EXERCISE OBJECTIVE:
Copy the records below exactly, but leave out any picture they contain.

INFORMATION GIVEN:
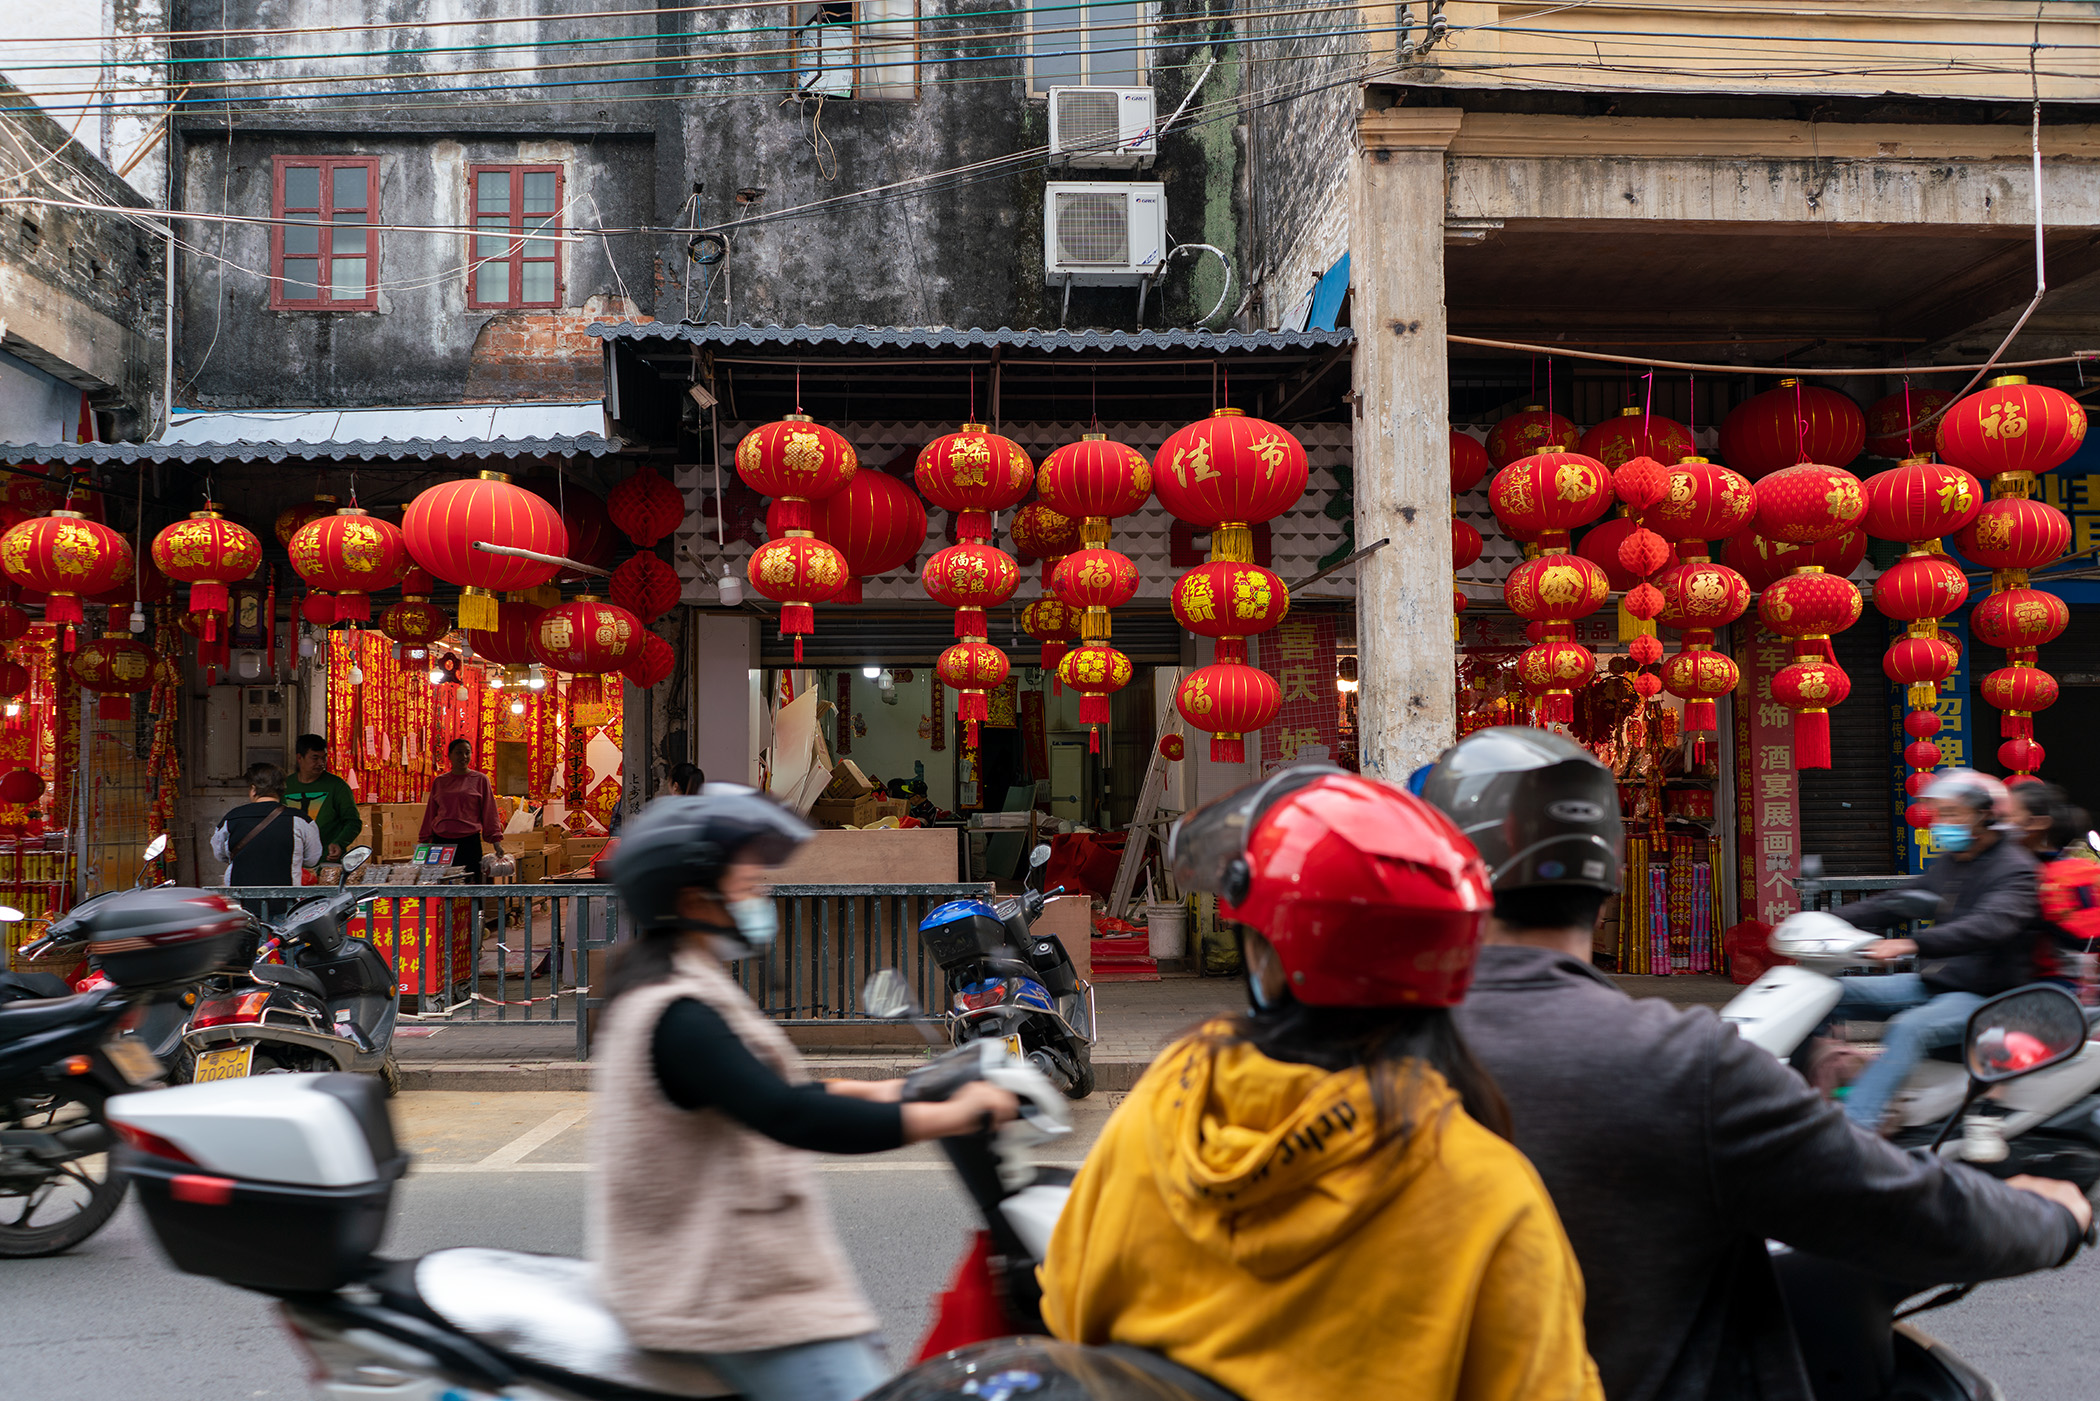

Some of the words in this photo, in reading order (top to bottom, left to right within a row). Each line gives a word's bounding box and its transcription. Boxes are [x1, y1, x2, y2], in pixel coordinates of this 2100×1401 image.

[1981, 401, 2028, 440] 福
[783, 432, 824, 471] 福
[1171, 433, 1290, 488] 佳节
[1131, 455, 1152, 492] 福
[1718, 470, 1751, 521] 吉祥
[1825, 477, 1862, 520] 福
[1936, 475, 1973, 514] 福
[760, 545, 796, 584] 福
[806, 546, 842, 586] 福
[1077, 558, 1113, 590] 福
[1691, 572, 1724, 600] 福
[541, 613, 573, 651] 福
[114, 652, 148, 679] 福
[1276, 622, 1319, 702] 喜庆
[1182, 678, 1213, 715] 福
[1798, 671, 1830, 699] 福
[1891, 704, 1904, 756] 宣传单
[597, 786, 619, 812] 福
[1759, 745, 1793, 854] 酒宴展画
[1893, 765, 1905, 816] 不干胶
[1742, 855, 1755, 901] 横额
[199, 1063, 244, 1083] 7020R
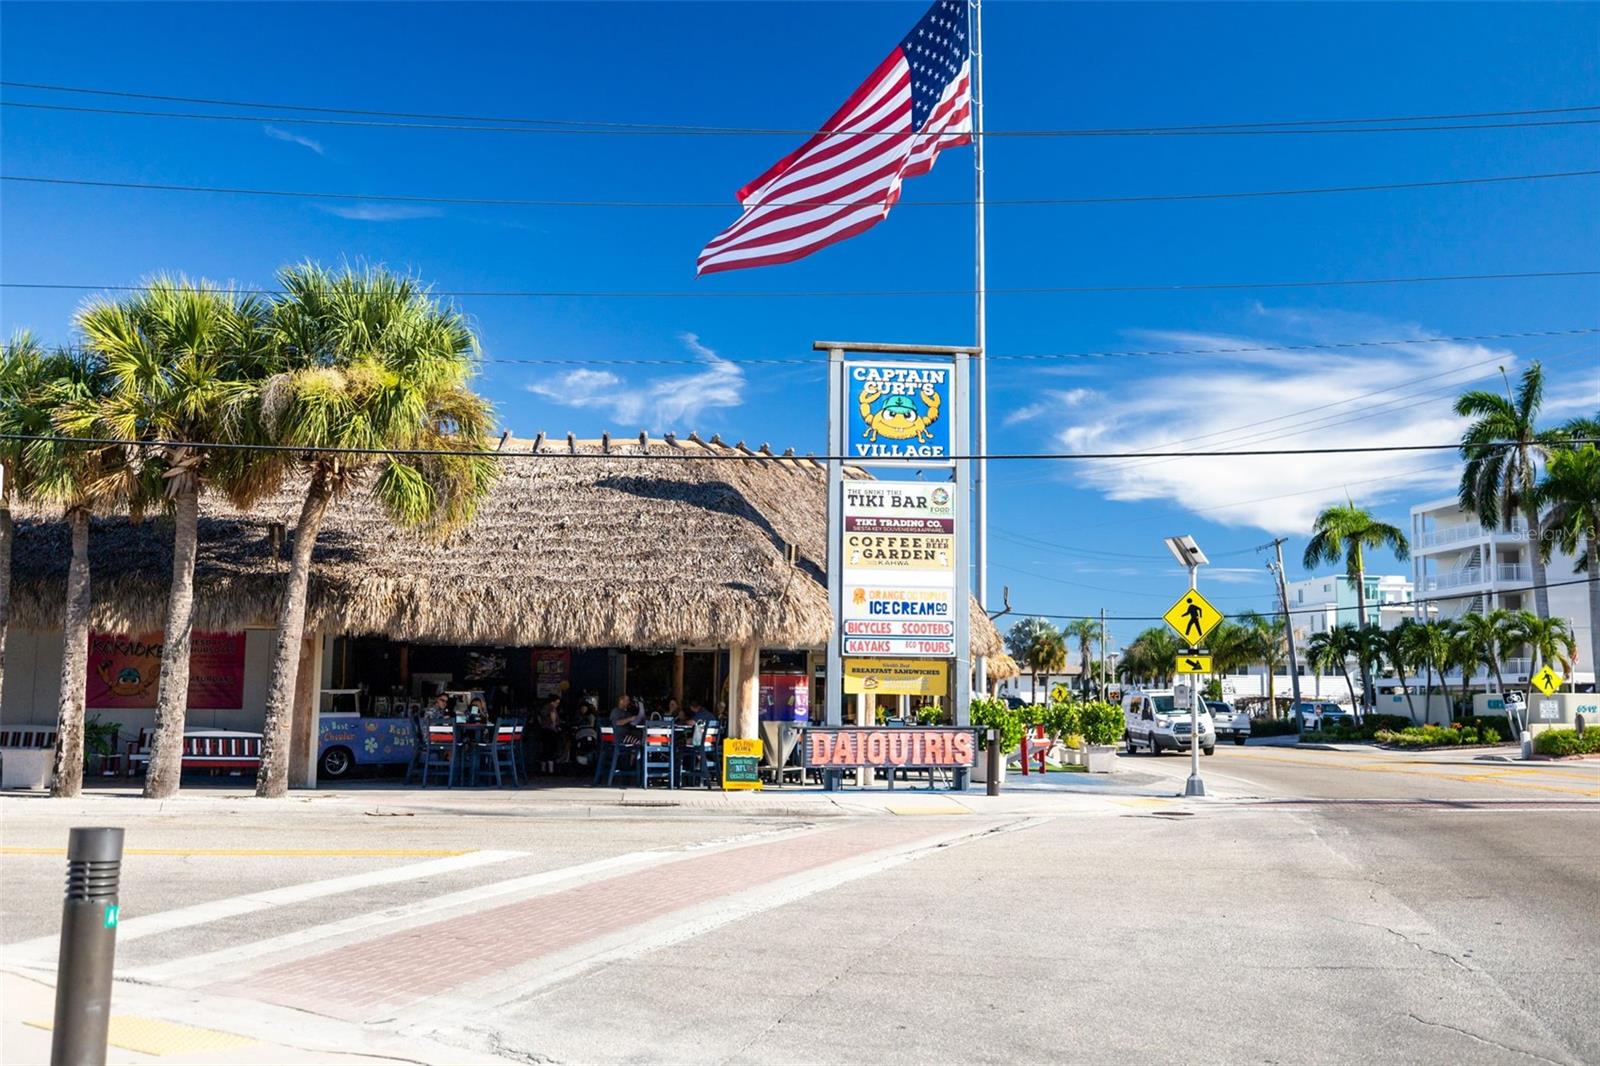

ANSWER TO THIS TASK:
Some of the words in this photo, in reading order (top to bottom, left to right within a row). Each line gives a word's bounding box and its transcription. Boxes are [x1, y1, x2, y2], in pixel coordinates of this 2100×1401 image.

[1981, 401, 2028, 440] 福
[783, 432, 824, 471] 福
[1171, 433, 1290, 488] 佳节
[1131, 455, 1152, 492] 福
[1718, 470, 1751, 521] 吉祥
[1825, 477, 1862, 520] 福
[1936, 475, 1973, 514] 福
[760, 545, 796, 584] 福
[806, 546, 842, 586] 福
[1077, 558, 1113, 590] 福
[1691, 572, 1724, 600] 福
[541, 613, 573, 651] 福
[114, 652, 148, 679] 福
[1276, 622, 1319, 702] 喜庆
[1182, 678, 1213, 715] 福
[1798, 671, 1830, 699] 福
[1891, 704, 1904, 756] 宣传单
[597, 786, 619, 812] 福
[1759, 745, 1793, 854] 酒宴展画
[1893, 765, 1905, 816] 不干胶
[1742, 855, 1755, 901] 横额
[199, 1063, 244, 1083] 7020R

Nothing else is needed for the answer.